RECORDS SHOWN:
=== Begin Enclosure ===
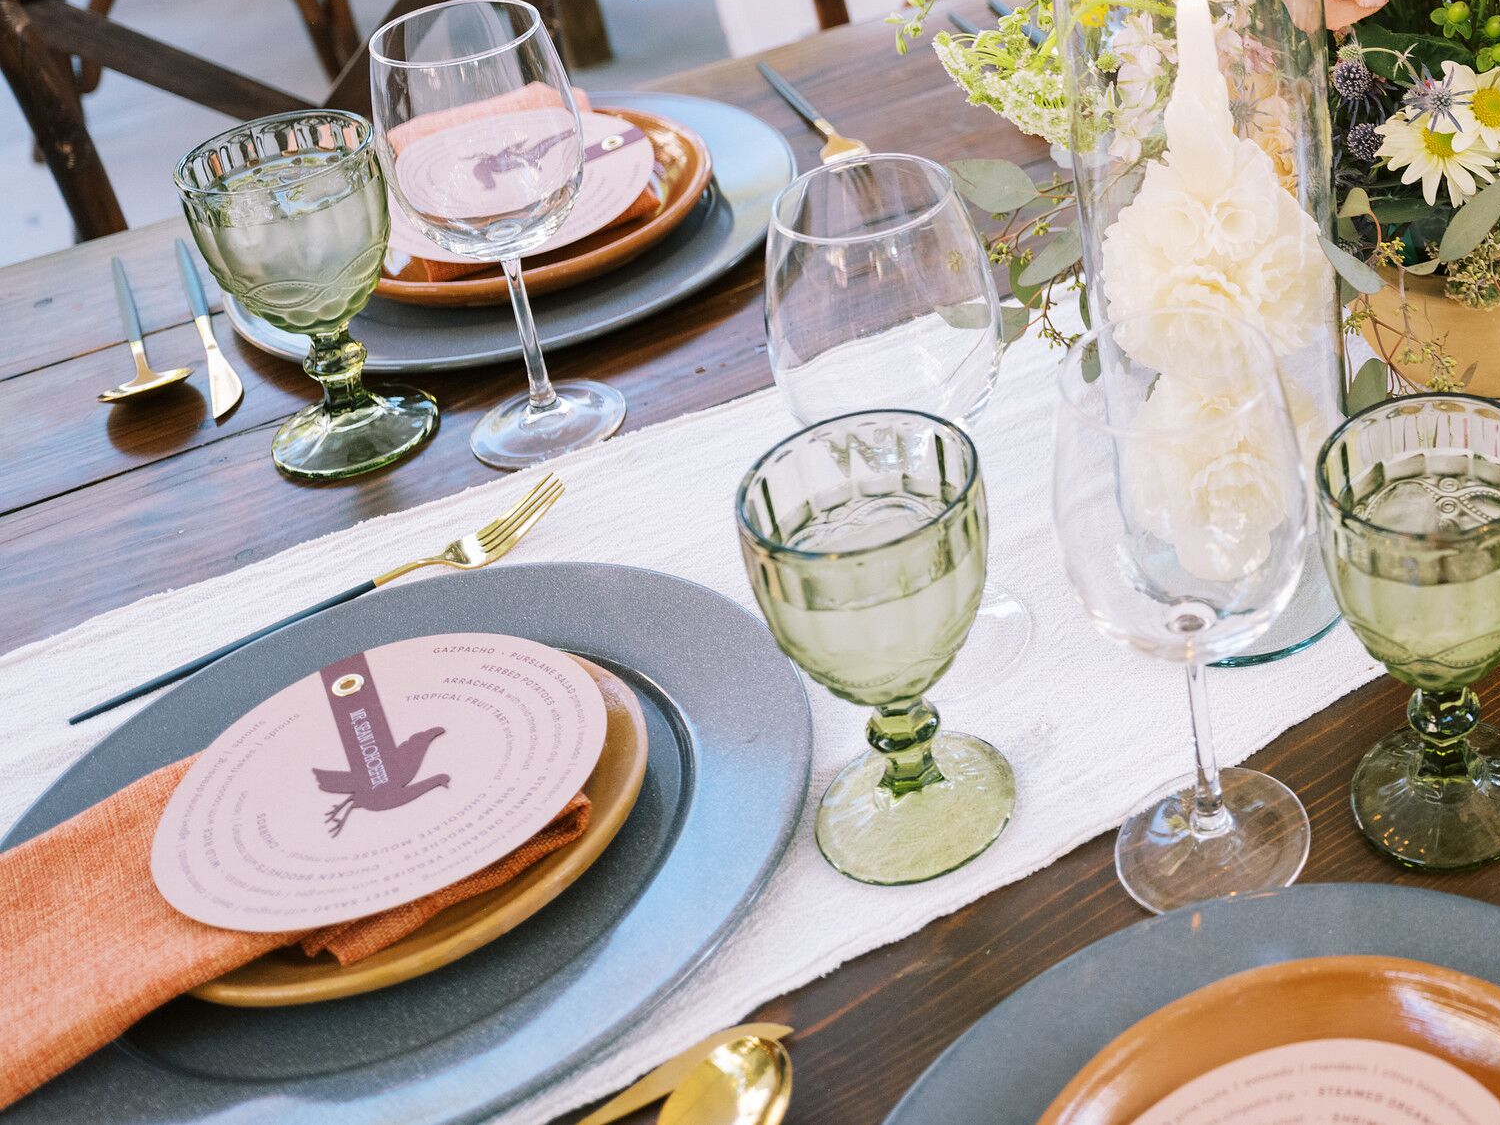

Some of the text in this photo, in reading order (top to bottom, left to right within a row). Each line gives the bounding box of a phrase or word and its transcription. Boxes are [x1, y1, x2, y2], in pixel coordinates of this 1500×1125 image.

[433, 645, 495, 655] GAZPACHO
[480, 663, 521, 680] HERBED
[510, 651, 557, 676] PURSLANE
[443, 676, 505, 695] ARRACHERA
[521, 677, 555, 706] POTATOES
[554, 674, 577, 695] SALAD
[405, 693, 463, 703] TROPICAL
[464, 696, 494, 711] FRUIT
[263, 713, 301, 741] sprouts
[491, 705, 510, 727] TART
[232, 720, 266, 748] sprouts
[477, 786, 516, 822] SHRIMP
[505, 775, 546, 817] STEAMED
[420, 792, 487, 839] CHOCOLATE
[202, 827, 214, 848] RICE
[257, 812, 280, 850] CHURROS
[448, 818, 504, 855] ORGANIC
[205, 849, 222, 869] WILD
[351, 838, 412, 860] MOUSSE
[255, 864, 313, 881] BROCHETS
[318, 864, 380, 881] CHICKEN
[382, 854, 444, 881] VEGGIES
[312, 897, 358, 914] SALAD
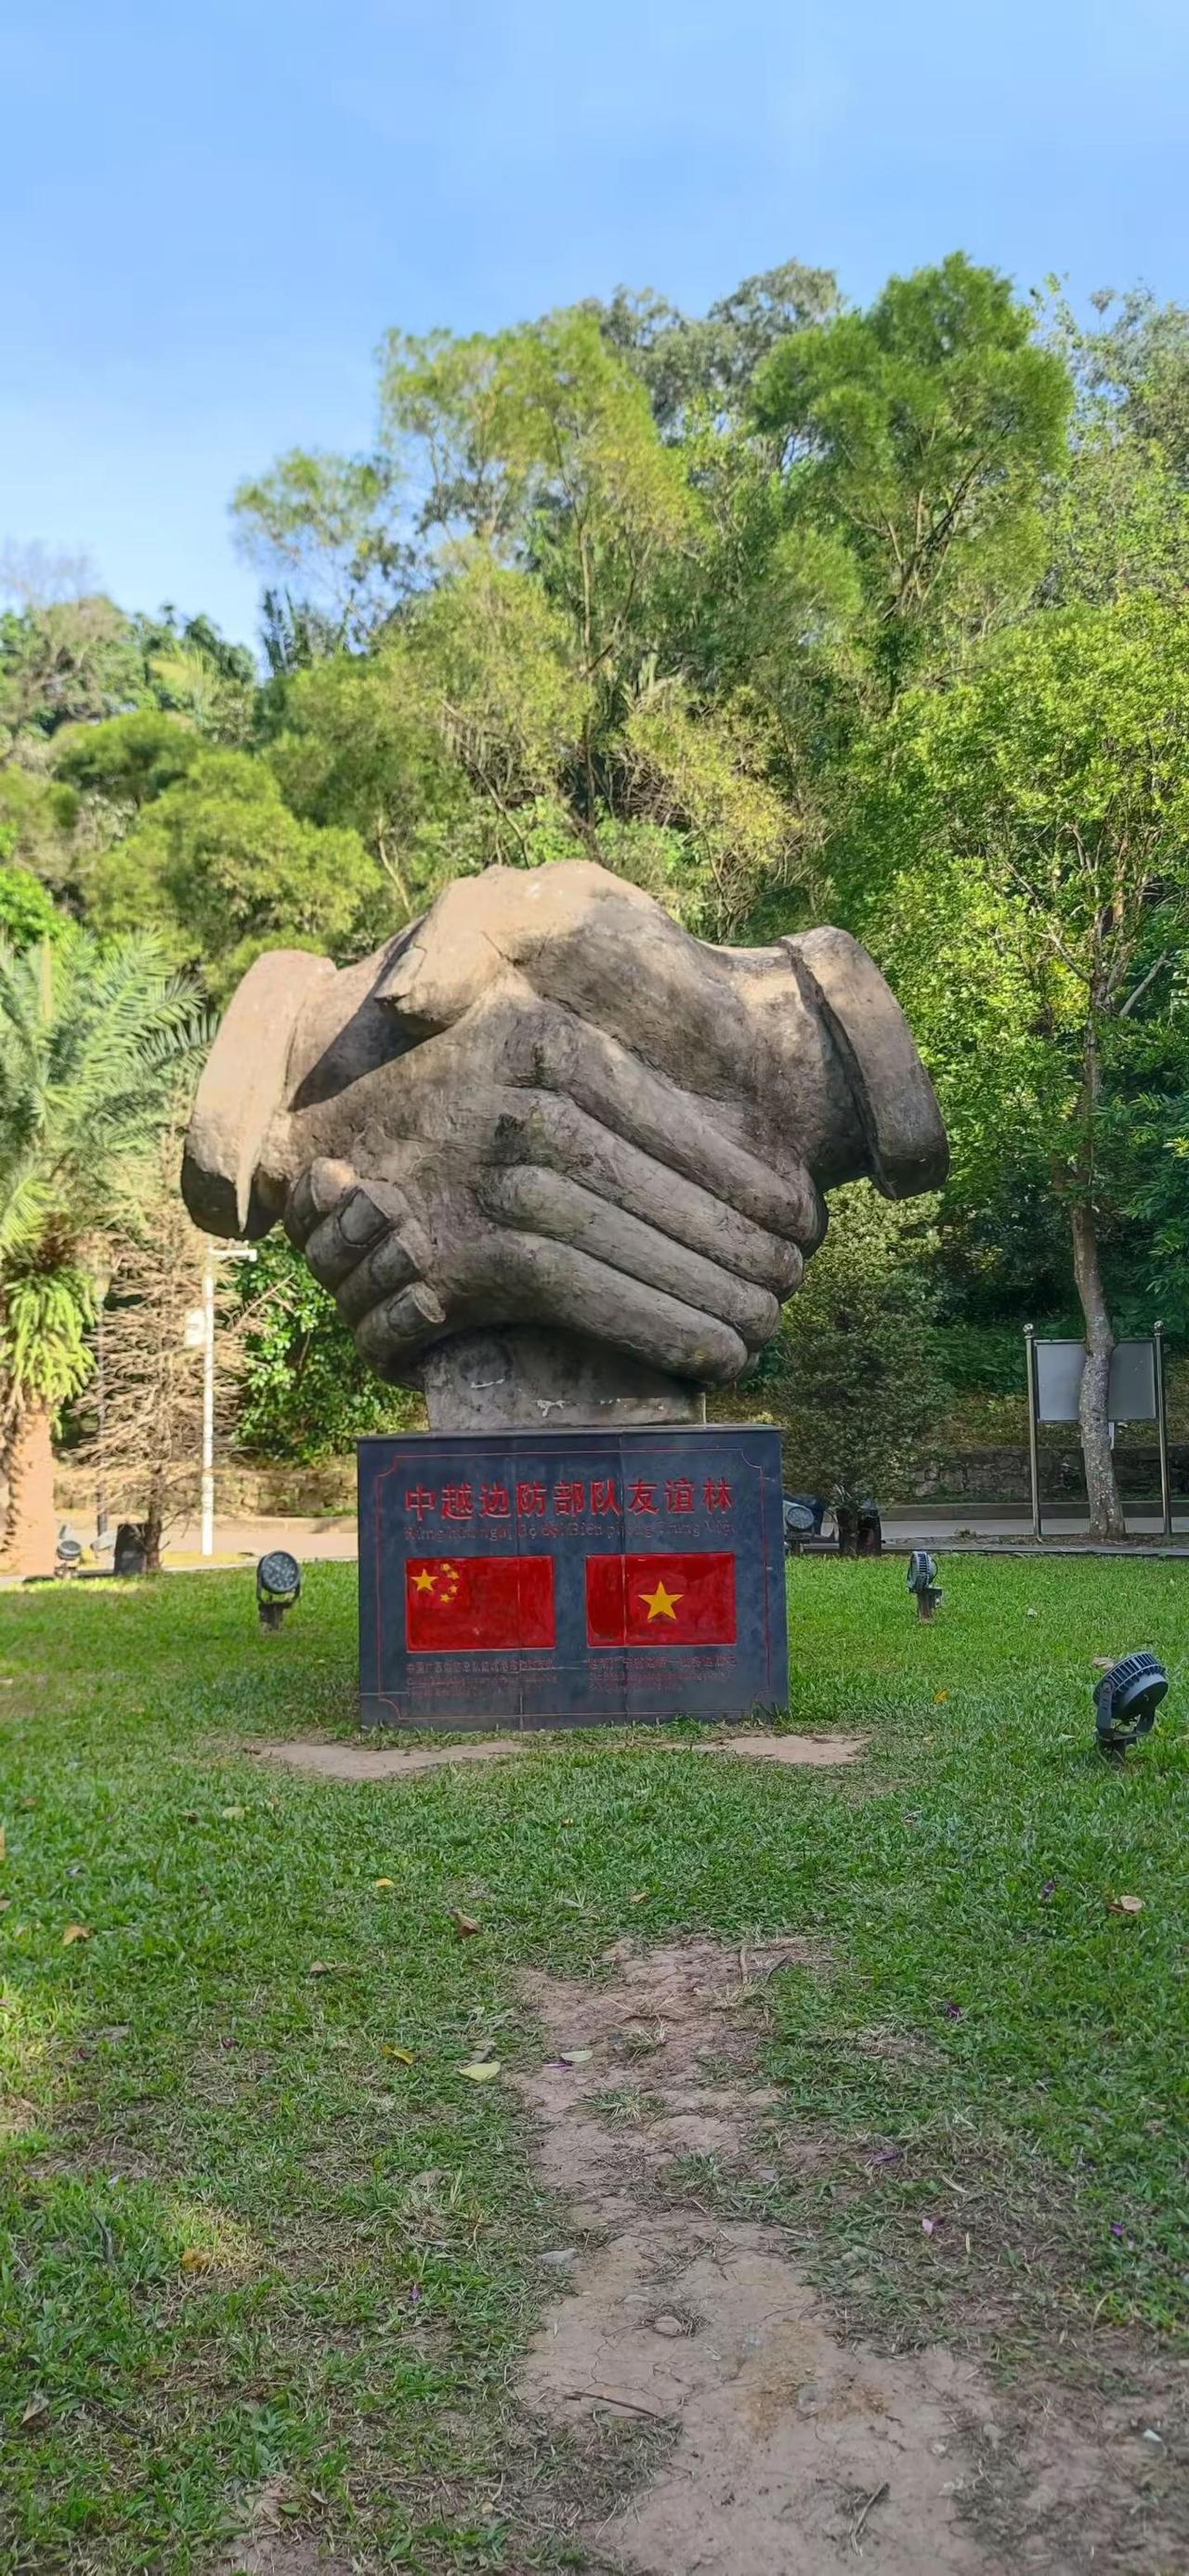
=== End Enclosure ===
WHAT IS BEING ASKED:
Could each line of the data be written out exactly, with no pictures included?

RESPONSE:
Some of the text in this photo, in reading order (top to bottom, left to right within a row). Each line gives the bounding box of a phrase or word and its transcription. Boxes are [x1, y1, x2, y2], in pixel coordinates of this 1500×1125 image.

[433, 645, 495, 655] GAZPACHO
[480, 663, 521, 680] HERBED
[510, 651, 557, 676] PURSLANE
[443, 676, 505, 695] ARRACHERA
[521, 677, 555, 706] POTATOES
[554, 674, 577, 695] SALAD
[405, 693, 463, 703] TROPICAL
[464, 696, 494, 711] FRUIT
[263, 713, 301, 741] sprouts
[491, 705, 510, 727] TART
[232, 720, 266, 748] sprouts
[477, 786, 516, 822] SHRIMP
[505, 775, 546, 817] STEAMED
[420, 792, 487, 839] CHOCOLATE
[202, 827, 214, 848] RICE
[257, 812, 280, 850] CHURROS
[448, 818, 504, 855] ORGANIC
[205, 849, 222, 869] WILD
[351, 838, 412, 860] MOUSSE
[255, 864, 313, 881] BROCHETS
[318, 864, 380, 881] CHICKEN
[382, 854, 444, 881] VEGGIES
[312, 897, 358, 914] SALAD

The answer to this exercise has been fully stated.